Our proposal centres around a multimodal approach, a departure from the conventional focus on offices. Our design introduces dynamic transformations over time, ensuring adaptability to changing urban demands. Key to this is a unique 4-stakeholder representative model, involving: residential, office, commercial, and city co-operatives. Unlike conventional urban planning, the proposed system holistically engages stakeholders using a simulation-driven approach. The inclusion of two dimensions of verticality and time in the existing land-value simulations add precision to decision-making. Verticality introduces accuracy in simulating land value based on spatial decisions, while time represents programmatic changes within the urban fabric making a 4-dimensional land value simulation. Using a 4D simulation allows the process of decision-making to pass through multiple trial and error processes.
One significant challenge identified involves the arrangement of stacked deeper floorplates. Carving the floorplates diagonally enabled us to introduce natural light, foster visual connectivity, and facilitate circulation between diverse functions. The emphasis on interior urbanism enables harnessing natural light effectively for various programs.
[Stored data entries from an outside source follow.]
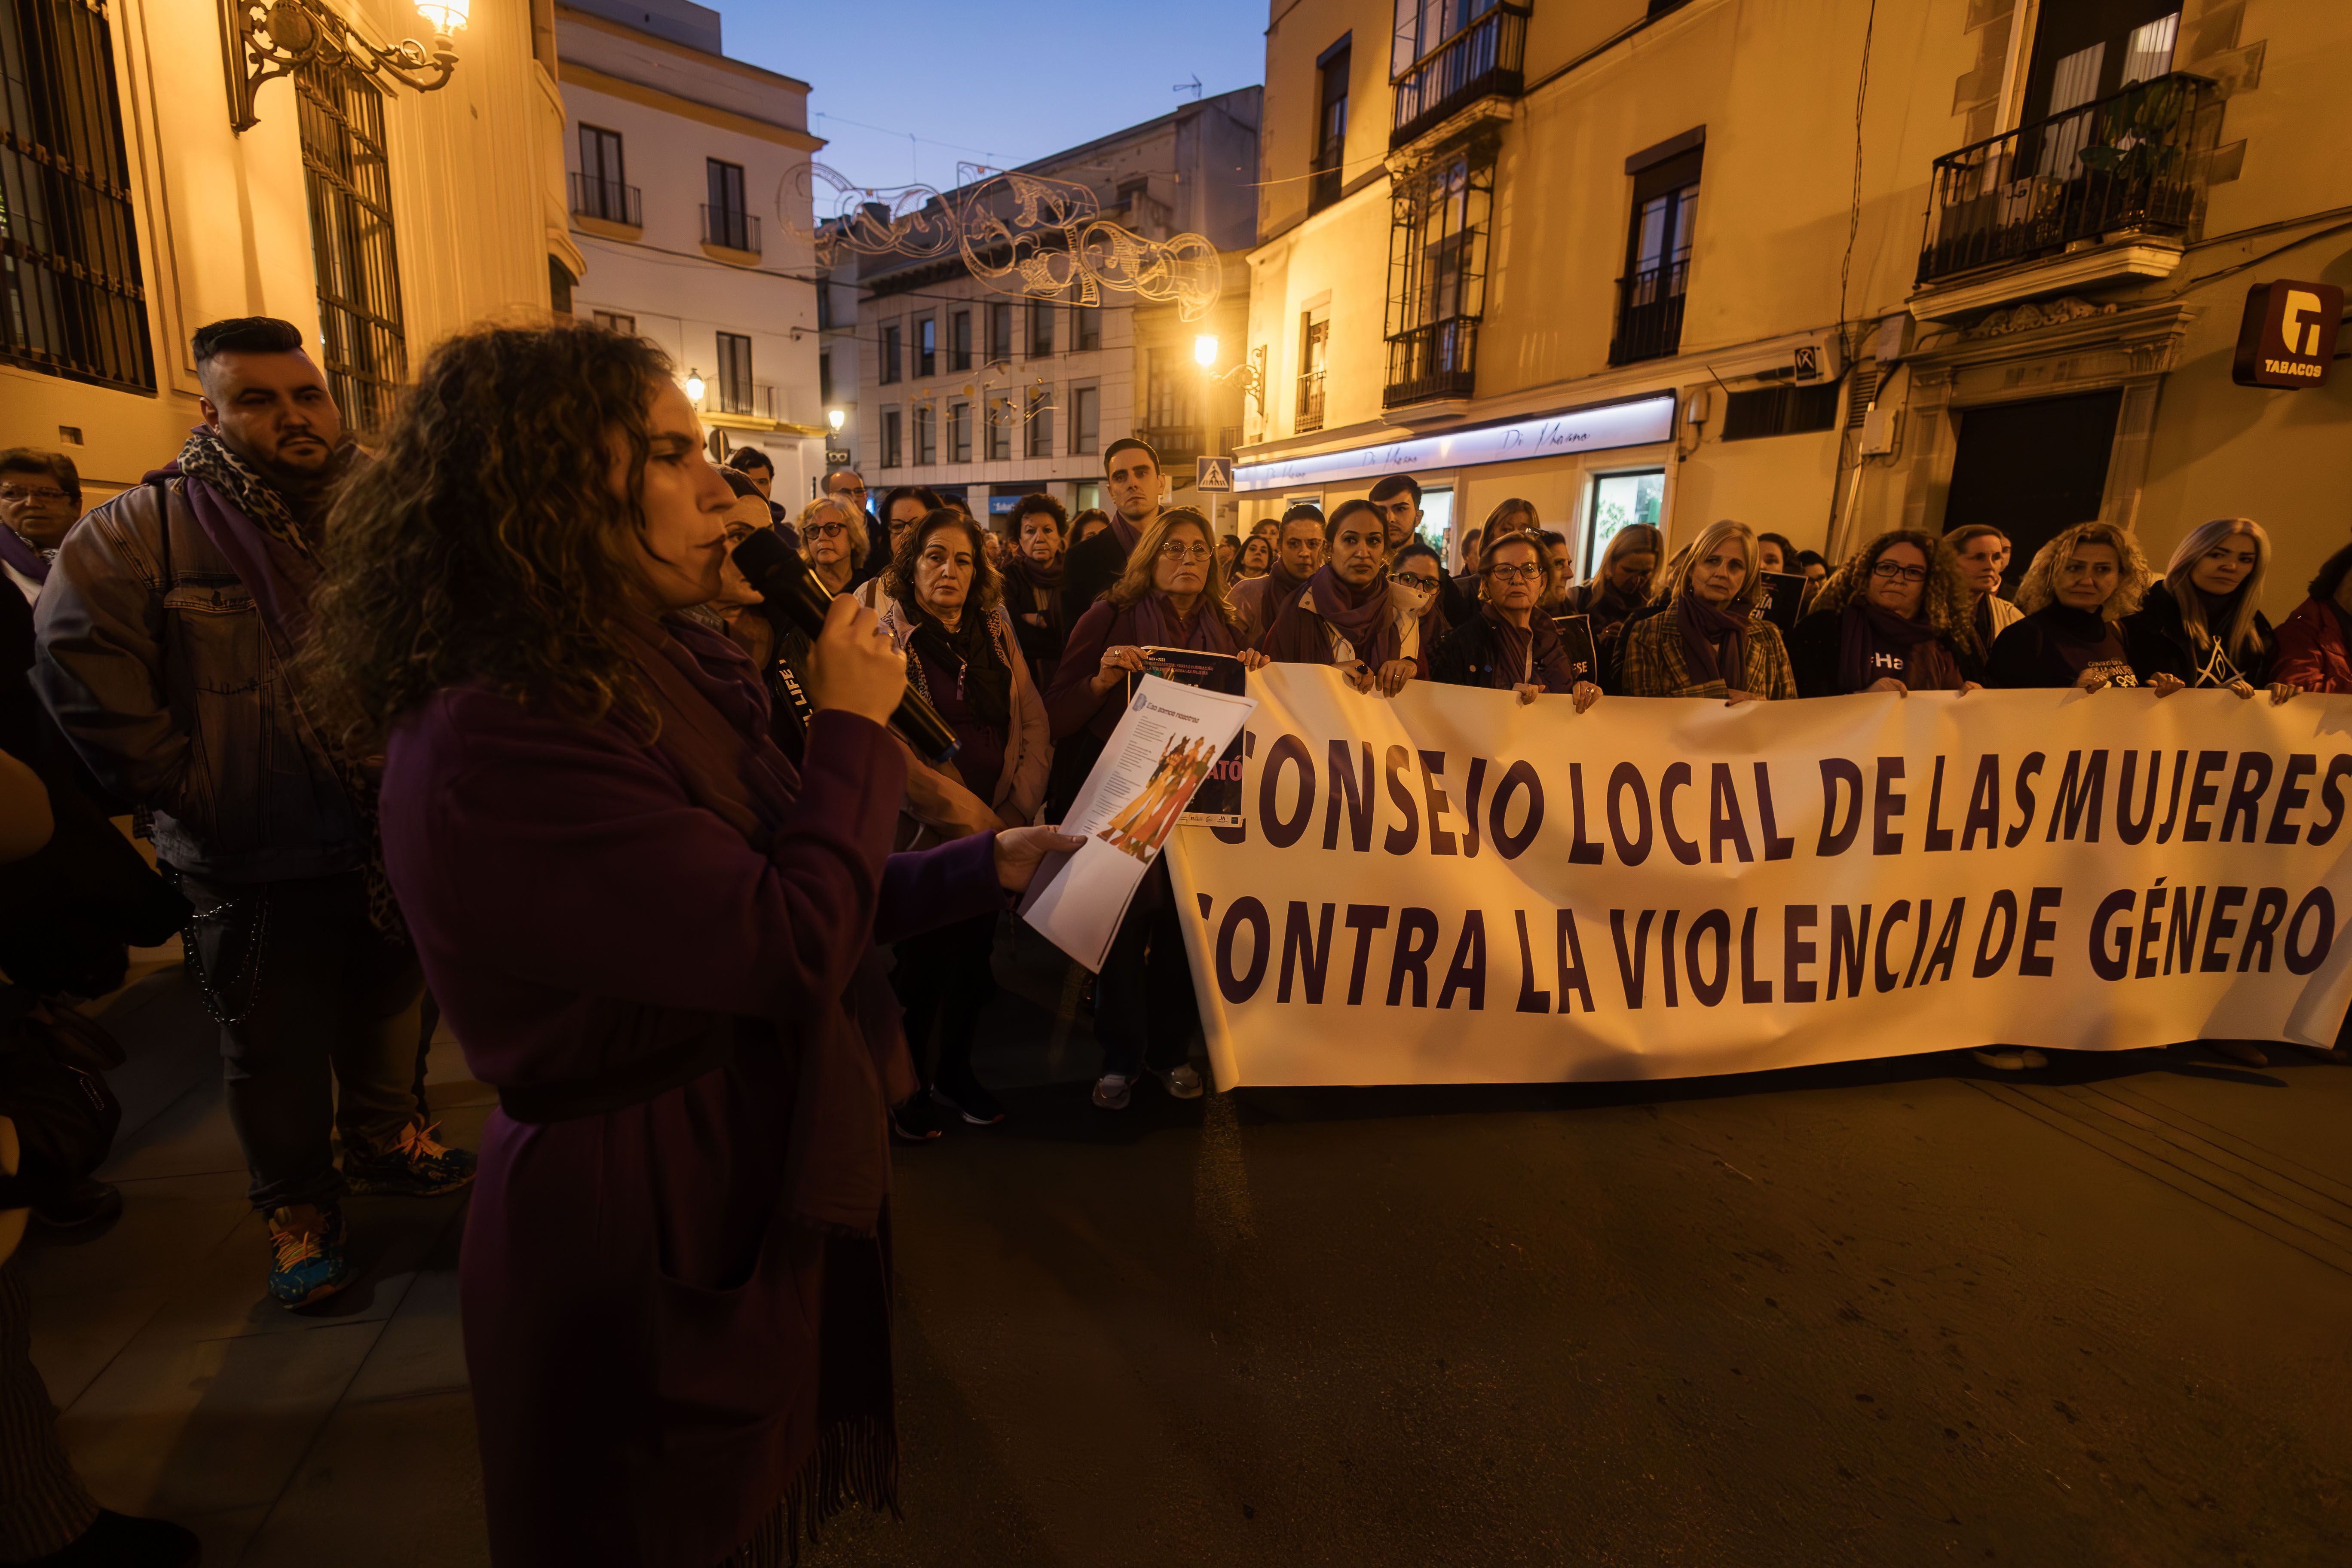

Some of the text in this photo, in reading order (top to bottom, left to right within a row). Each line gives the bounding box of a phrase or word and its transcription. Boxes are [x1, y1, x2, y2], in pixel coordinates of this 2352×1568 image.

[2265, 359, 2322, 377] TABACOS
[779, 669, 807, 706] LIFE
[1567, 761, 1795, 867] LOCAL
[1816, 756, 1906, 857] DE
[1924, 751, 2046, 852] LAS
[2045, 749, 2352, 846] MUJERES
[1196, 876, 2335, 1014] ONTRA LA VIOLENCIA DE GÉNERO
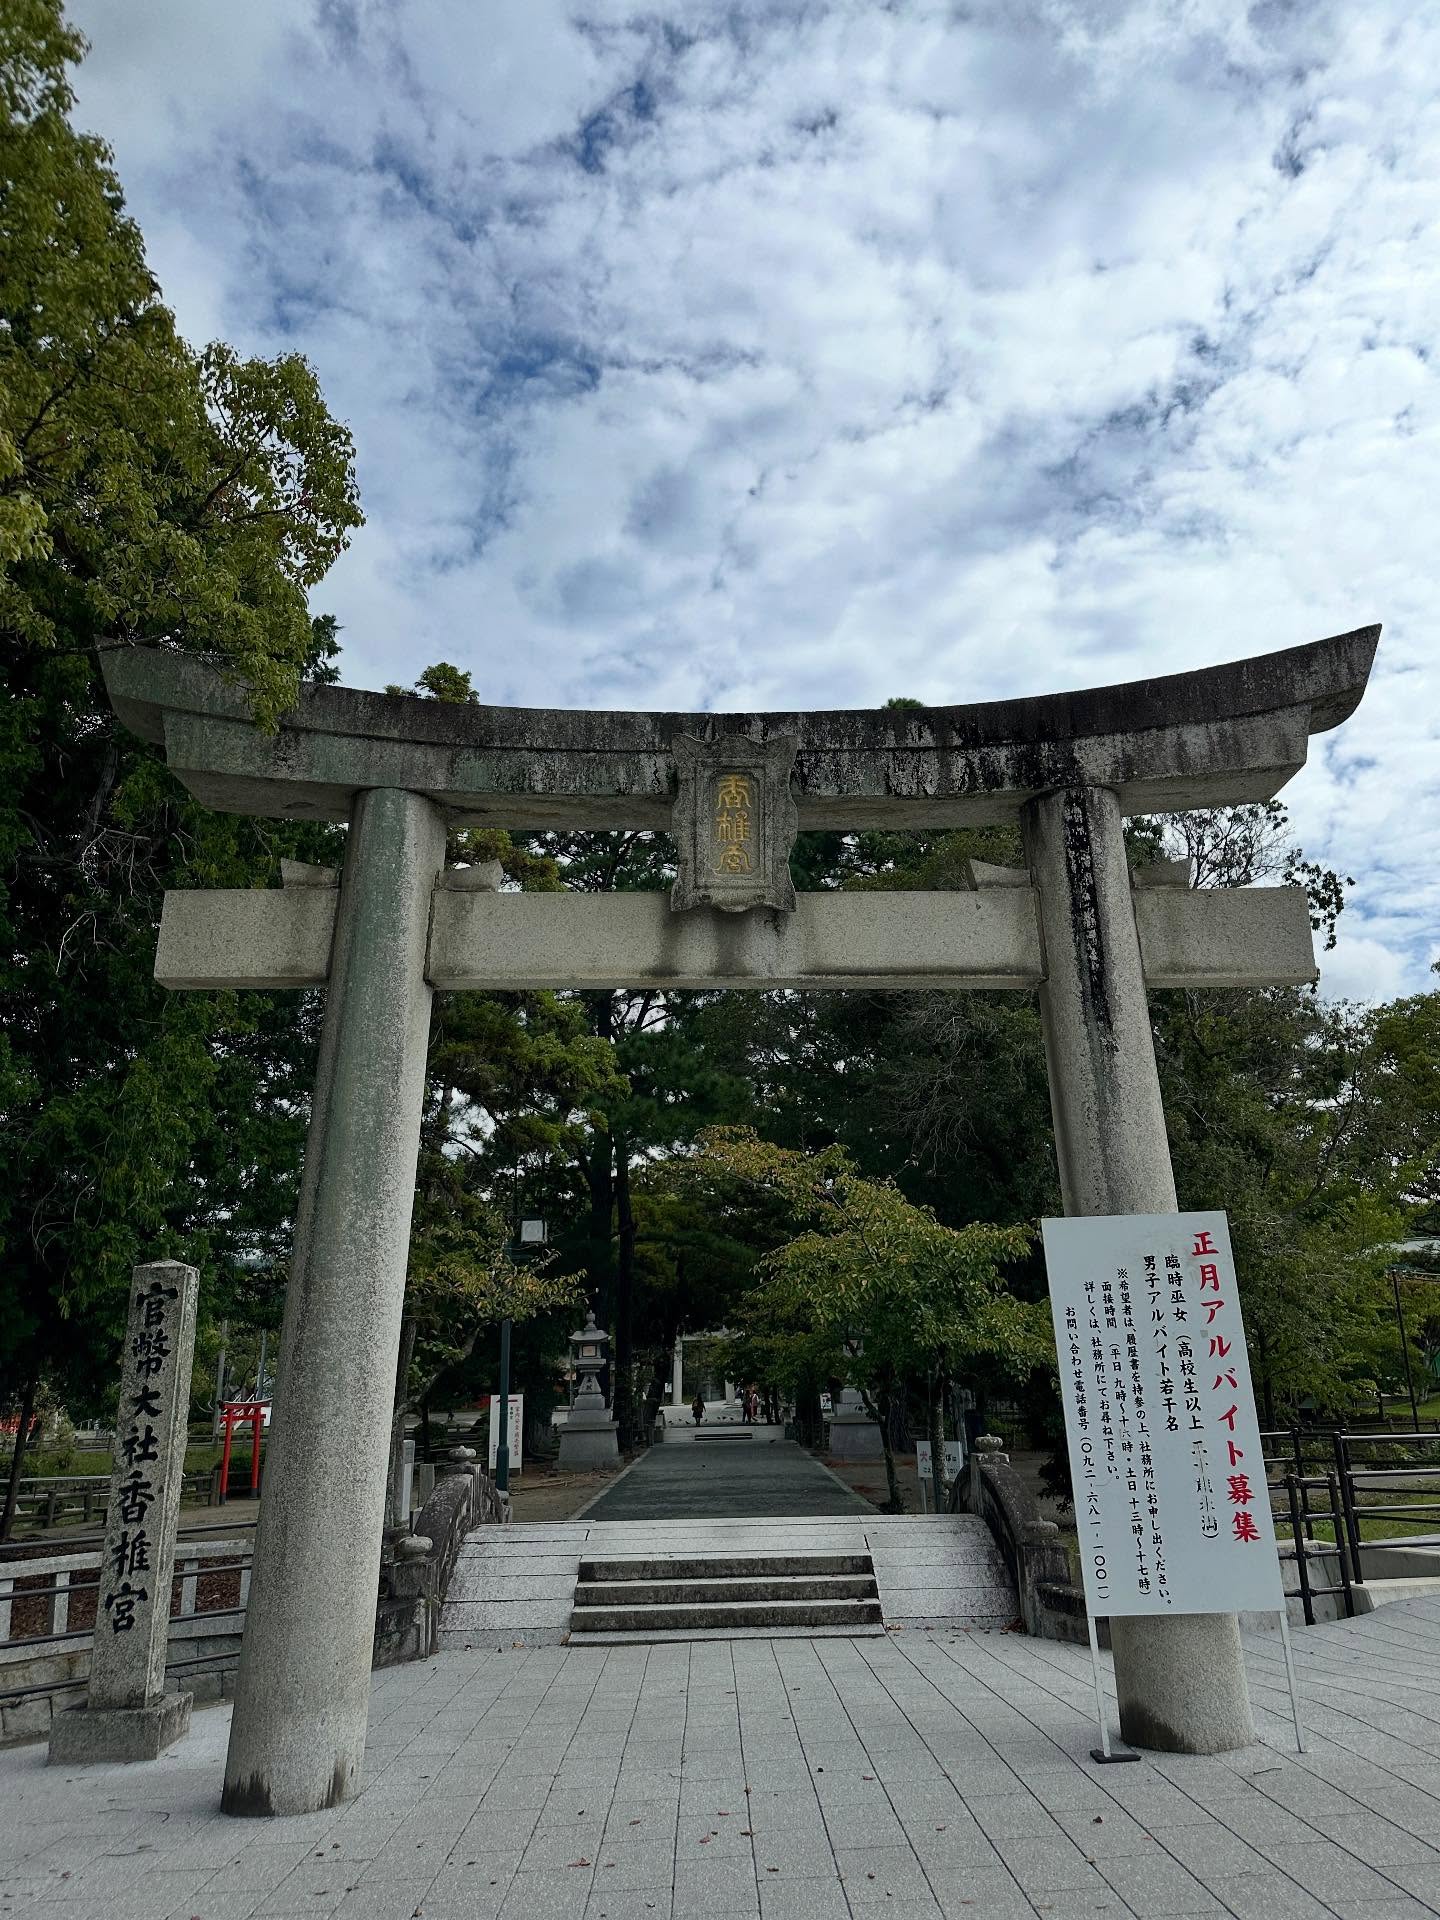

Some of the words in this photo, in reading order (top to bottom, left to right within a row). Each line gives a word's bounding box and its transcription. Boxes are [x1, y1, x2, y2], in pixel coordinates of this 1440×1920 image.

[712, 773, 752, 873] 香椎宮
[1083, 1280, 1120, 1481] 詳しくは、社務所にてお尋ね下さい。
[1143, 1255, 1179, 1432] 男子アルバイト若干名
[1191, 1231, 1261, 1543] 正月アルバイト募集
[104, 1281, 178, 1633] 官幣大社香椎宮
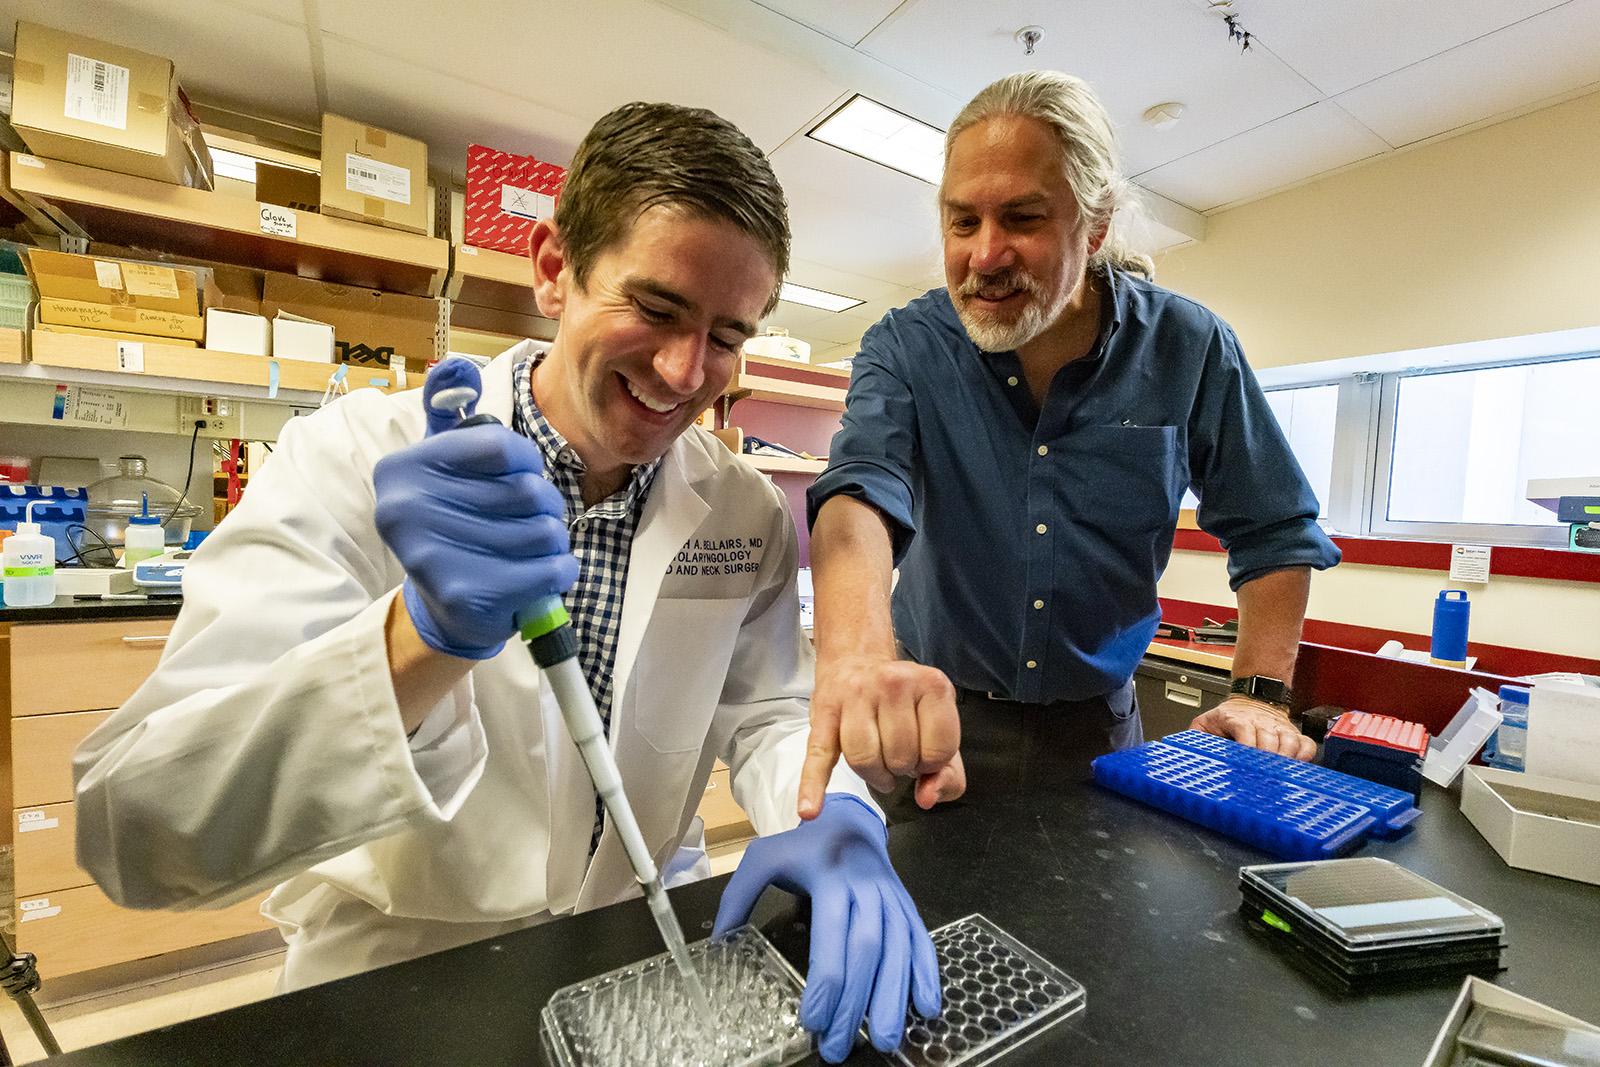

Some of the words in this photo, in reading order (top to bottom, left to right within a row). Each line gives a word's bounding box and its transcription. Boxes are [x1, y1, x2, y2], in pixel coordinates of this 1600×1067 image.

Urban Renaissance introduces tiles replacing clusters of voxels, creating versatile residential and commercial spaces, enhancing the adaptability and flexibility of interior urban environments. This thesis is potentially a globally applicable urban simulation system tailored for structures featuring deep floorplates as a blueprint. At its core, our simulation model maintains a consistent structural framework, allowing for the interchangeability of interiors in direct response to the dynamic requirements of diverse urban programs.